“She Needs…In This Cup.” #ConfuseMe?

FinleyembarrassedAs you can imagine, things are pretty hectic at the Jones household these days. For example, I’ve been feeding, burping, and changing dipes since a little before 10PM. It’s now 1:56AM, and I think everyone is in a comfy position for a few hours so I have a few minutes to type a blog post.

The other day Finley was due for her “4-year old shots.” As many of you know, this is a dreaded trip, especially for a first time dad. That said, I tried to be smart about it and thought I was cleverly prepared. I had candy in my pocket and a small pink hand towel ready to sop up all the tears (and protect my white shirt). As the appointment moved forward, Finley and I were smooth sailing. She passed her ear and eye test with no problem. The nurse pricked her finger, which we got through without much drama. Then my world changed a little bit.
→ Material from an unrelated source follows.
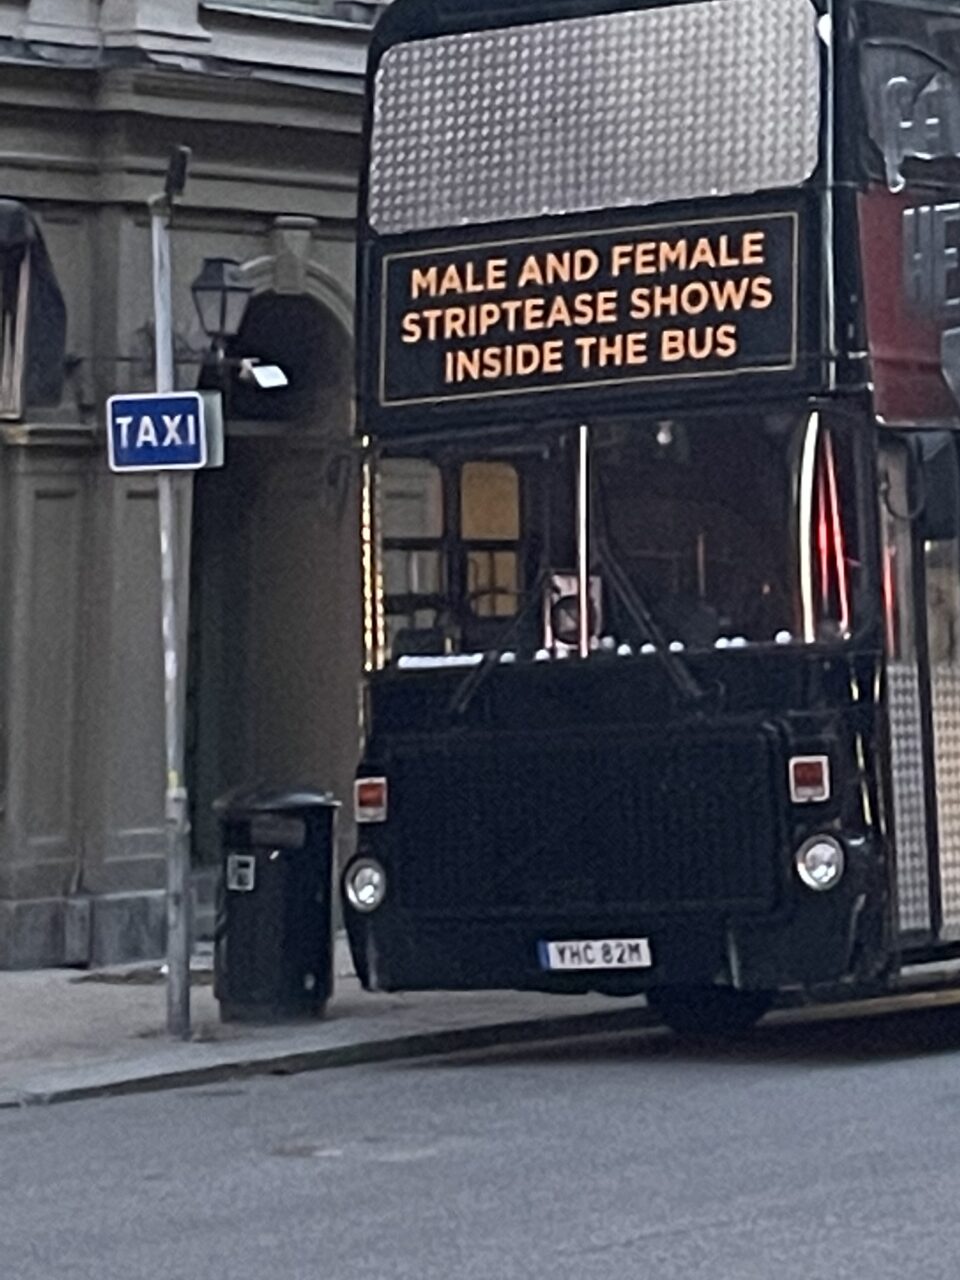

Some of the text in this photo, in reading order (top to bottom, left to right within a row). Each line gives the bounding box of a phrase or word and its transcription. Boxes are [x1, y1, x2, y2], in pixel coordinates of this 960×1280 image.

[411, 232, 765, 298] MALE AND FEMALE
[401, 277, 773, 343] STRIPTEASE SHOWS
[445, 325, 737, 383] INSIDE THE BUS
[115, 414, 196, 448] TAXI
Here’s the stage: while Finley was softly crying, the nurse handed me a cup with a wet wipe package inside. She said, “OK, we need her to tinkle in this cup.” Umm… “Wut?” More accurately, and in the immortal words of Jack McFarland from Will & Grace, “Uh. Confuse me?” (Hand gestures not included)
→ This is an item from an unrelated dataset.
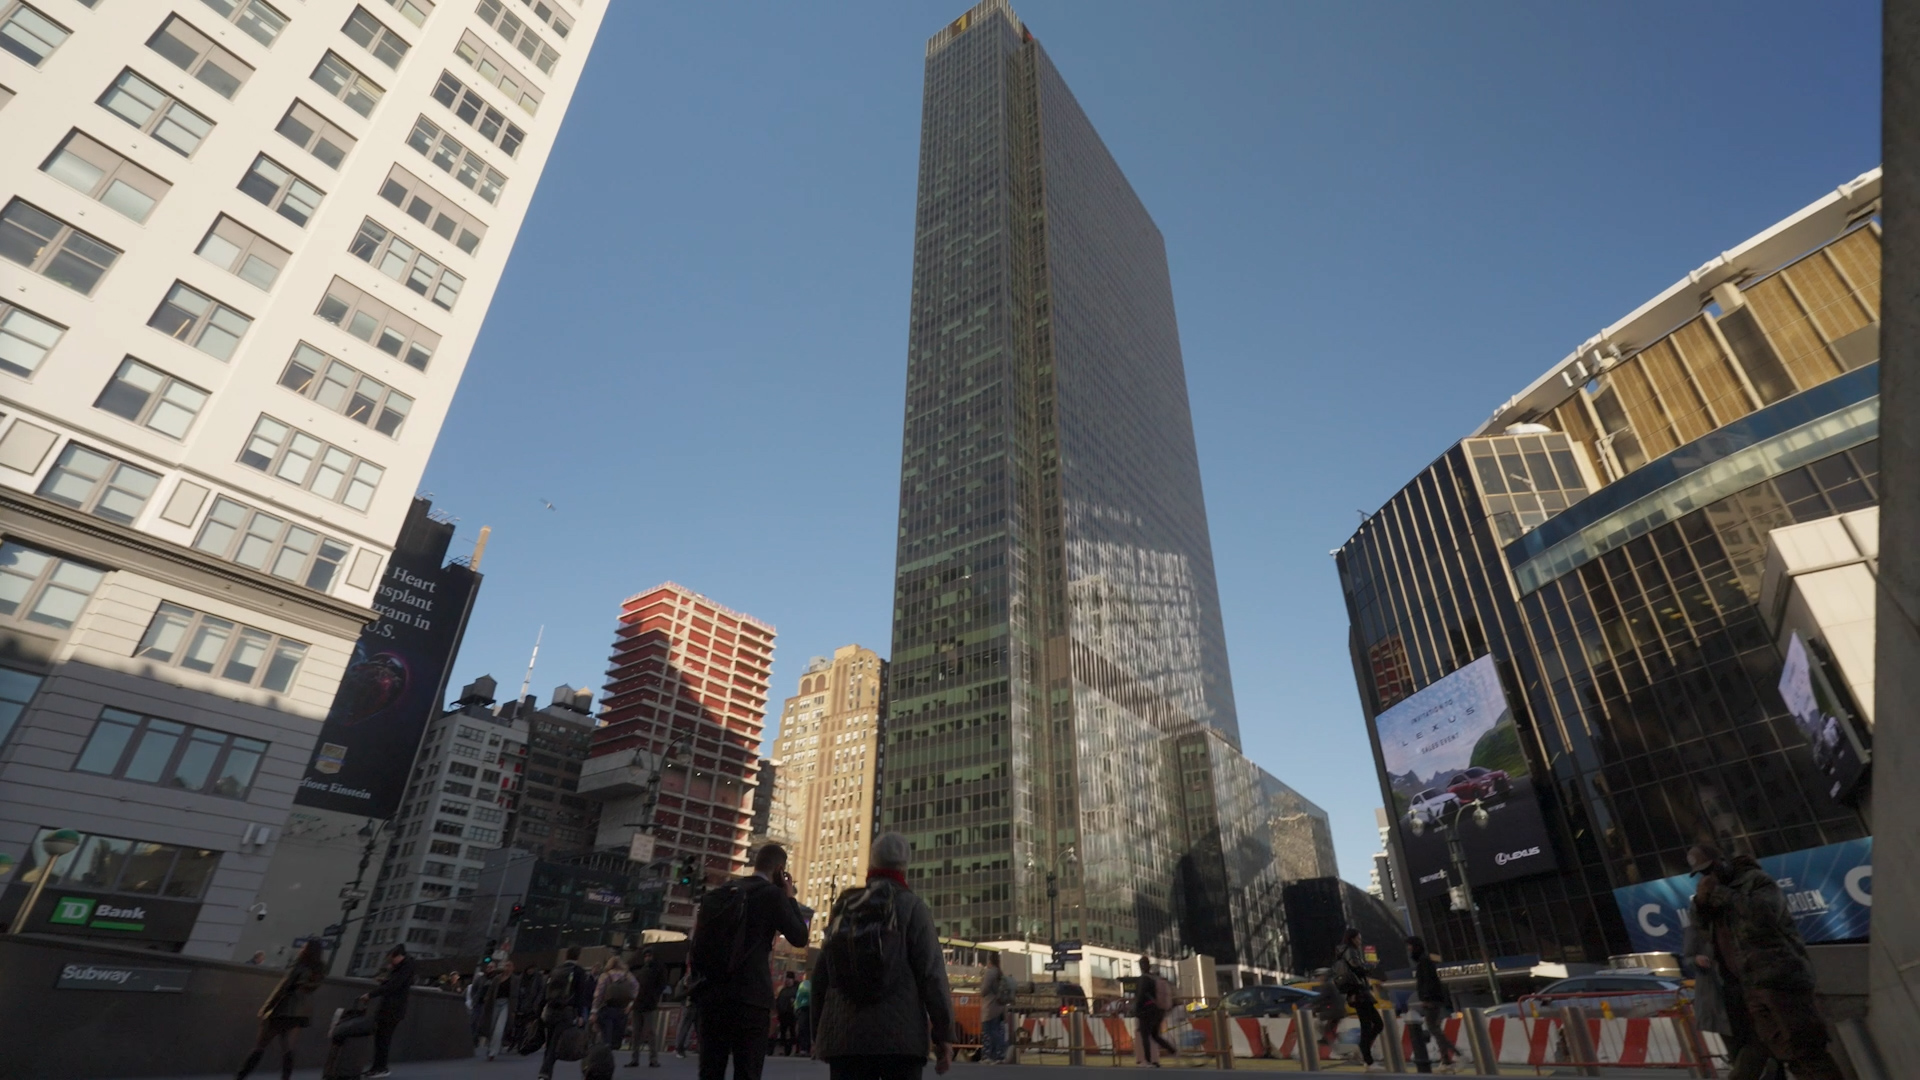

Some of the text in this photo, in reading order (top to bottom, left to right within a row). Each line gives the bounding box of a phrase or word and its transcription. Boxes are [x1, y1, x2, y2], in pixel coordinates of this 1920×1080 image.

The first thing that blew through my mind was, “How does one perform this?” I mean after all, how does a 40-year-old man collect pee pee from his 4-year old girl? I asked the nurse, “How do I do this… just try my best?” She answered, “Yes, just do what you have to do.” Um, okaaay…

So there I was with my little girl in the bathroom and her telling me over and over again that she didn’t have to ‘go.’ That was problem #1. Problem #2 was figuring out how I was going to perform this task. Do I sit her on the back of the toilet seat, and ‘collect’ from the ‘front’? Do I sit her on the front, and collect from the ‘back’? Do I break all rules and do this with her standing on the floor? Should I sit her in the sink? I was totally lost.  While I can generally figure things out, if I sat her one way, which direction should I place this freegin’ cup?  I mean, does the stream flow forward, backwards, or straight down?  No damn clue…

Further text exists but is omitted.